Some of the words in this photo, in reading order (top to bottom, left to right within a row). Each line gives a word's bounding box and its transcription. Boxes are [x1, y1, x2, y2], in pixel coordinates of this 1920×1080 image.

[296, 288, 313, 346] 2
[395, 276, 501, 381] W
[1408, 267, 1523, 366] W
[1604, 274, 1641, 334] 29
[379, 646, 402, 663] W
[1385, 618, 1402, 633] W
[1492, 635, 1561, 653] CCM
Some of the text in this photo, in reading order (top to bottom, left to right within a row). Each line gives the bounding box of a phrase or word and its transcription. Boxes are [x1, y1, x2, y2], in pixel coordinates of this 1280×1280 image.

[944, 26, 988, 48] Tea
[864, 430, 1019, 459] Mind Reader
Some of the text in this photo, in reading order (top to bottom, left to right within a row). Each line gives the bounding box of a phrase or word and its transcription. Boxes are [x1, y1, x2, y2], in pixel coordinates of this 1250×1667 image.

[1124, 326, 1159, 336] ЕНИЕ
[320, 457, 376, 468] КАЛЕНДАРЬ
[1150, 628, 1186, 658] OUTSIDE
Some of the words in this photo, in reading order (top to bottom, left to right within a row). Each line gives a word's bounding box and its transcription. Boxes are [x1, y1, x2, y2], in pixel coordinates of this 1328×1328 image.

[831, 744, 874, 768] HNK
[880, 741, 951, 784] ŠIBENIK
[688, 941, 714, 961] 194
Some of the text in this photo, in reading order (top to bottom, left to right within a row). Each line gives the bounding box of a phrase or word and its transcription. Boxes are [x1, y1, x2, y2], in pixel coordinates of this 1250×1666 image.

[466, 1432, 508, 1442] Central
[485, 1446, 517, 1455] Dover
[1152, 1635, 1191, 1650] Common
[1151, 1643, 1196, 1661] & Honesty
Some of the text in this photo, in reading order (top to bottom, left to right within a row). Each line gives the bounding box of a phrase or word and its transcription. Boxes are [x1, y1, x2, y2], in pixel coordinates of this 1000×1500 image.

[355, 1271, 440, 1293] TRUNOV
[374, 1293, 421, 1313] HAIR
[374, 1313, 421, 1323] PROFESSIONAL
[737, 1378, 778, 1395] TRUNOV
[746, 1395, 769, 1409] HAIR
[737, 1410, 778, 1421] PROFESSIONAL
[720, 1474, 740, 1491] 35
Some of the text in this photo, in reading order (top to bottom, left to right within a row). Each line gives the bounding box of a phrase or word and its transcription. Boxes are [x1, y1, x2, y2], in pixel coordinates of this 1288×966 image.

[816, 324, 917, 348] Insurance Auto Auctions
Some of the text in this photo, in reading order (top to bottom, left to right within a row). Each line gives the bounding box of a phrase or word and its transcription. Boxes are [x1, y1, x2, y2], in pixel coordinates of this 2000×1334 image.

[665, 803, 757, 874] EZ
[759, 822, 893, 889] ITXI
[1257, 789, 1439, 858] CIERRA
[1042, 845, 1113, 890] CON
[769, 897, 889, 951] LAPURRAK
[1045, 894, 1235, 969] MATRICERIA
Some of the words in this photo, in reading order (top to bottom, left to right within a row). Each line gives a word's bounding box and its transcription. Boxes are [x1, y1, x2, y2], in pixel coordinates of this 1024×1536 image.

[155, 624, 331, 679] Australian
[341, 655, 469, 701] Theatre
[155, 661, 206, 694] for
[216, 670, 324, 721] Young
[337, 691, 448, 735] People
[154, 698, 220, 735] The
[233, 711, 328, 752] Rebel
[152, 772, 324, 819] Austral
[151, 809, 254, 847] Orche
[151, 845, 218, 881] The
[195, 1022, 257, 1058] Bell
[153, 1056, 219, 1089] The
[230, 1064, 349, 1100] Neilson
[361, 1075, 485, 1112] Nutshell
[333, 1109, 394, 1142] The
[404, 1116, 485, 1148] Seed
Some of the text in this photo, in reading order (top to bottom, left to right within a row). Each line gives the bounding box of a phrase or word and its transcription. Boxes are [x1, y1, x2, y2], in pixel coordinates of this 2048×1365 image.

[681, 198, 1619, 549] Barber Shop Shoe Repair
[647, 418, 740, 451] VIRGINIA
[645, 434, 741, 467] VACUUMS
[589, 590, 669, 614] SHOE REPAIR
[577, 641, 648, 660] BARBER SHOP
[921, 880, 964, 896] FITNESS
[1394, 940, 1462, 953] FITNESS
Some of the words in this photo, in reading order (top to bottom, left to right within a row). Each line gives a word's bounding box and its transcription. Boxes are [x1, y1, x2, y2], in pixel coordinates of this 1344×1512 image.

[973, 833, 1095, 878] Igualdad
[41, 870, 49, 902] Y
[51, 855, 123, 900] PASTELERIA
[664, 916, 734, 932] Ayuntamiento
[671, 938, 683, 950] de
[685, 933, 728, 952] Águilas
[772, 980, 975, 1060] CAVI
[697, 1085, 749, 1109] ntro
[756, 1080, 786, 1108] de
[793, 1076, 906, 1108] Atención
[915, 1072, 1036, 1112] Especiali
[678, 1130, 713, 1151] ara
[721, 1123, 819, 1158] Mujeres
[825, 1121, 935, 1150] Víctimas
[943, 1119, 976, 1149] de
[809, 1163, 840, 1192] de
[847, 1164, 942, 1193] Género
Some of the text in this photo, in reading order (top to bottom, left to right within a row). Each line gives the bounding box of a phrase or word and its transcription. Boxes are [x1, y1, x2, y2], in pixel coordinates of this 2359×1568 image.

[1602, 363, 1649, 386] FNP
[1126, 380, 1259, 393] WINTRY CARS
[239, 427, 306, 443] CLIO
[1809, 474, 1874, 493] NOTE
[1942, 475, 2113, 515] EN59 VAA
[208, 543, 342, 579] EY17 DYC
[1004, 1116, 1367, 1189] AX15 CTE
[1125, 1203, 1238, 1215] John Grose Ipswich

• • • •

> BRIEF
Write out, word for word, all lines from the line that holds "this 2359×1568 image." through the last line of the listing, with both end lines kept.

> WORKED SOLUTION
Some of the text in this photo, in reading order (top to bottom, left to right within a row). Each line gives the bounding box of a phrase or word and its transcription. Boxes are [x1, y1, x2, y2], in pixel coordinates of this 2359×1568 image.

[1602, 363, 1649, 386] FNP
[1126, 380, 1259, 393] WINTRY CARS
[239, 427, 306, 443] CLIO
[1809, 474, 1874, 493] NOTE
[1942, 475, 2113, 515] EN59 VAA
[208, 543, 342, 579] EY17 DYC
[1004, 1116, 1367, 1189] AX15 CTE
[1125, 1203, 1238, 1215] John Grose Ipswich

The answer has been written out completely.